How To Create Autonomous AI Agents From Scratch!

Hasan Aboul Hasan
8 min readMay 3, 2024

--

In this post, we will Create an Autonomous AI Agent With Python from Scratch.

We will NOT use any third-party libraries like Langchain or CrewAI; we will use pure Python!

We will go with a very basic AI Agent example that helps you understand the basic structure and development process of AI agents.

What is an AI Agent?

If we ask an AI like ChatGPT: What is the response time for learnwithhasan.com?

Do you think it can answer it?

If you said NO, you are right.

and if you said YES, you are also right!

Interestingly, both answers could be considered correct.

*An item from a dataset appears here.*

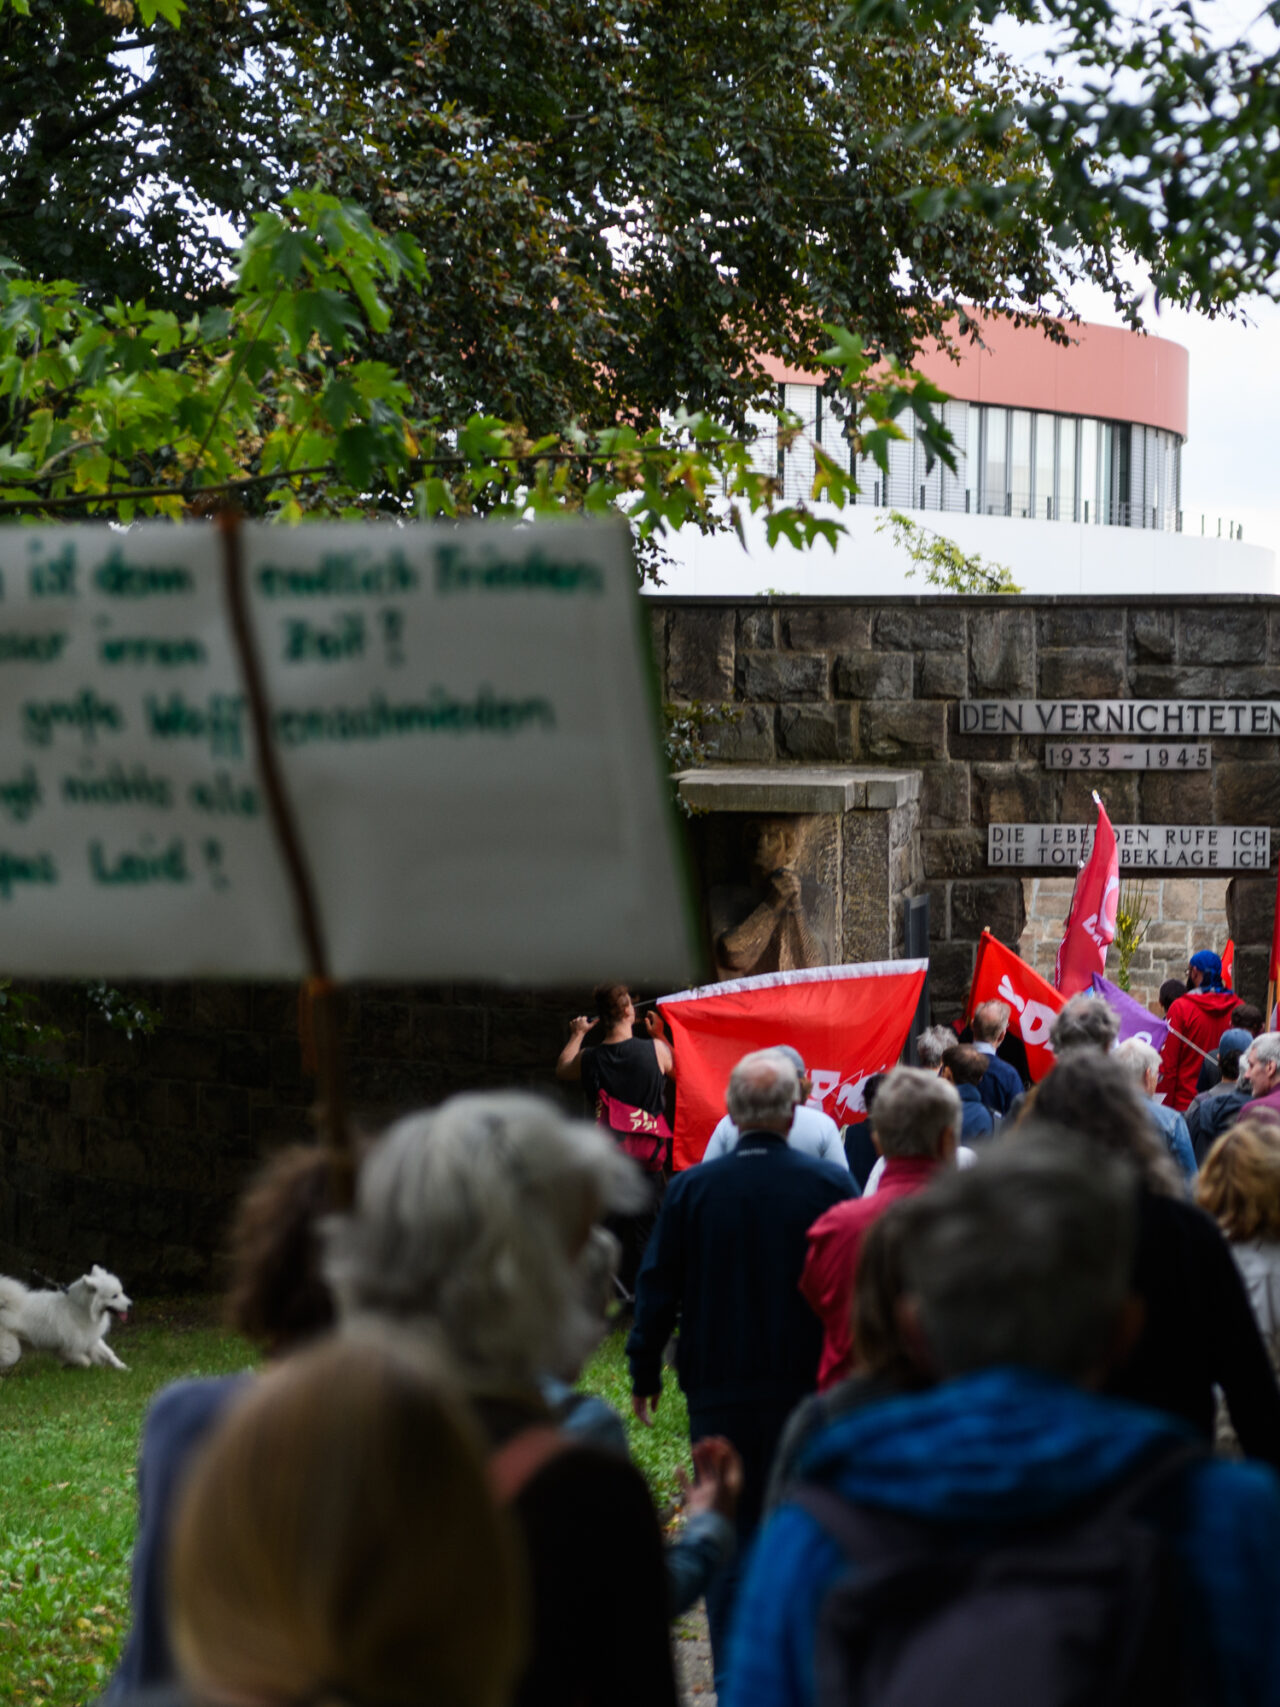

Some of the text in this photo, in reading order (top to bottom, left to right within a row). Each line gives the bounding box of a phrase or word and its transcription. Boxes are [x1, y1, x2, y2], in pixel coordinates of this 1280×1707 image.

Here’s why:

Here is ChatGPT’s Answer to the question:

It was not able to answer!

As we learned in prompting engineering, one of the main limitations of LLMs is that it can’t access Realtime data, it only generates responses based solely on pre-existing training data.

However, look at this now:

What happened ?!

Answer: Autonomous AI Agents 💪

An Autonomous AI Agent integrates a large language model (LLM) with external functions and enhanced prompting mechanisms.

To understand the concept, let’s see how the LLM was able to answer our question.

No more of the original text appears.